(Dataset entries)
***
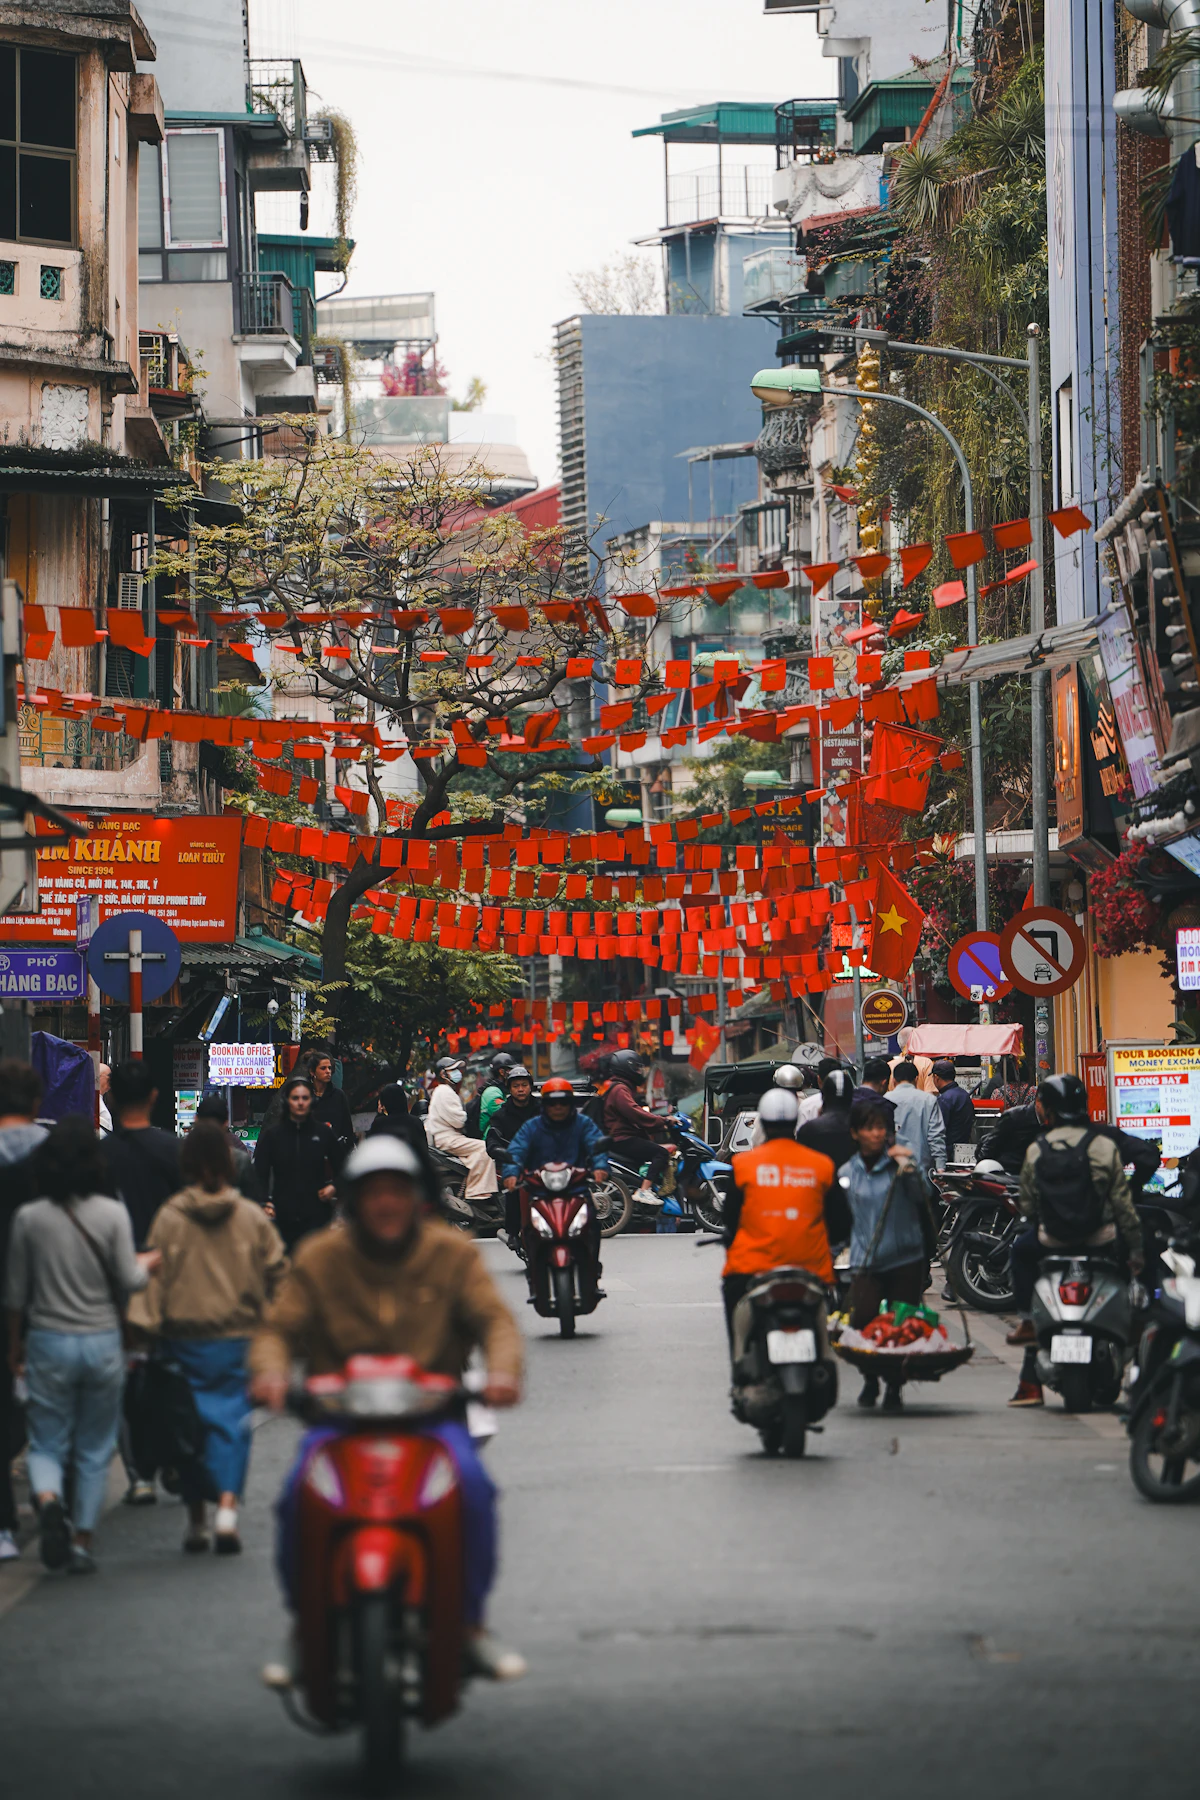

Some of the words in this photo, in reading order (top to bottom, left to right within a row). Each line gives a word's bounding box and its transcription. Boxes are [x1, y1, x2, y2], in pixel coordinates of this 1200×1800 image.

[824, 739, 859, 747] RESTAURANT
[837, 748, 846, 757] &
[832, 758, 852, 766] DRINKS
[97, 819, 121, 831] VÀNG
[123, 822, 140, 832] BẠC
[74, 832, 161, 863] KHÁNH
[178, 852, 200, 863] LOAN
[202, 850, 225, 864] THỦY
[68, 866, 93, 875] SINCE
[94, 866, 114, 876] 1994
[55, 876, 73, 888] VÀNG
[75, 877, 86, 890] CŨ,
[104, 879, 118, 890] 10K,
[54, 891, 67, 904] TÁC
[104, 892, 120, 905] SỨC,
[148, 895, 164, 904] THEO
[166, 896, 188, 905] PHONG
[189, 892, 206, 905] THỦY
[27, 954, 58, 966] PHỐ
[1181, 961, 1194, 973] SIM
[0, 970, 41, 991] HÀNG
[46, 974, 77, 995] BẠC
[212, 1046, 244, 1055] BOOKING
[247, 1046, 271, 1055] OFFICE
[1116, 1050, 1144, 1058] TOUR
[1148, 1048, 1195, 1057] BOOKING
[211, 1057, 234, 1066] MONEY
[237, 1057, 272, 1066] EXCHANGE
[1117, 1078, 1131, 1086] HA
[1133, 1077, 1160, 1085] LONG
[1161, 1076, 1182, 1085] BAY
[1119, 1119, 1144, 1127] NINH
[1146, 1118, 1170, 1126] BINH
***
ABOUT THIS EXERCISE - Copy every record exactly, dropping the images.

RESPONSE TO THE TASK -
Some of the words in this photo, in reading order (top to bottom, left to right within a row). Each line gives a word's bounding box and its transcription. Boxes are [x1, y1, x2, y2], in pixel coordinates of this 1200×1800 image.

[824, 739, 859, 747] RESTAURANT
[837, 748, 846, 757] &
[832, 758, 852, 766] DRINKS
[97, 819, 121, 831] VÀNG
[123, 822, 140, 832] BẠC
[74, 832, 161, 863] KHÁNH
[178, 852, 200, 863] LOAN
[202, 850, 225, 864] THỦY
[68, 866, 93, 875] SINCE
[94, 866, 114, 876] 1994
[55, 876, 73, 888] VÀNG
[75, 877, 86, 890] CŨ,
[104, 879, 118, 890] 10K,
[54, 891, 67, 904] TÁC
[104, 892, 120, 905] SỨC,
[148, 895, 164, 904] THEO
[166, 896, 188, 905] PHONG
[189, 892, 206, 905] THỦY
[27, 954, 58, 966] PHỐ
[1181, 961, 1194, 973] SIM
[0, 970, 41, 991] HÀNG
[46, 974, 77, 995] BẠC
[212, 1046, 244, 1055] BOOKING
[247, 1046, 271, 1055] OFFICE
[1116, 1050, 1144, 1058] TOUR
[1148, 1048, 1195, 1057] BOOKING
[211, 1057, 234, 1066] MONEY
[237, 1057, 272, 1066] EXCHANGE
[1117, 1078, 1131, 1086] HA
[1133, 1077, 1160, 1085] LONG
[1161, 1076, 1182, 1085] BAY
[1119, 1119, 1144, 1127] NINH
[1146, 1118, 1170, 1126] BINH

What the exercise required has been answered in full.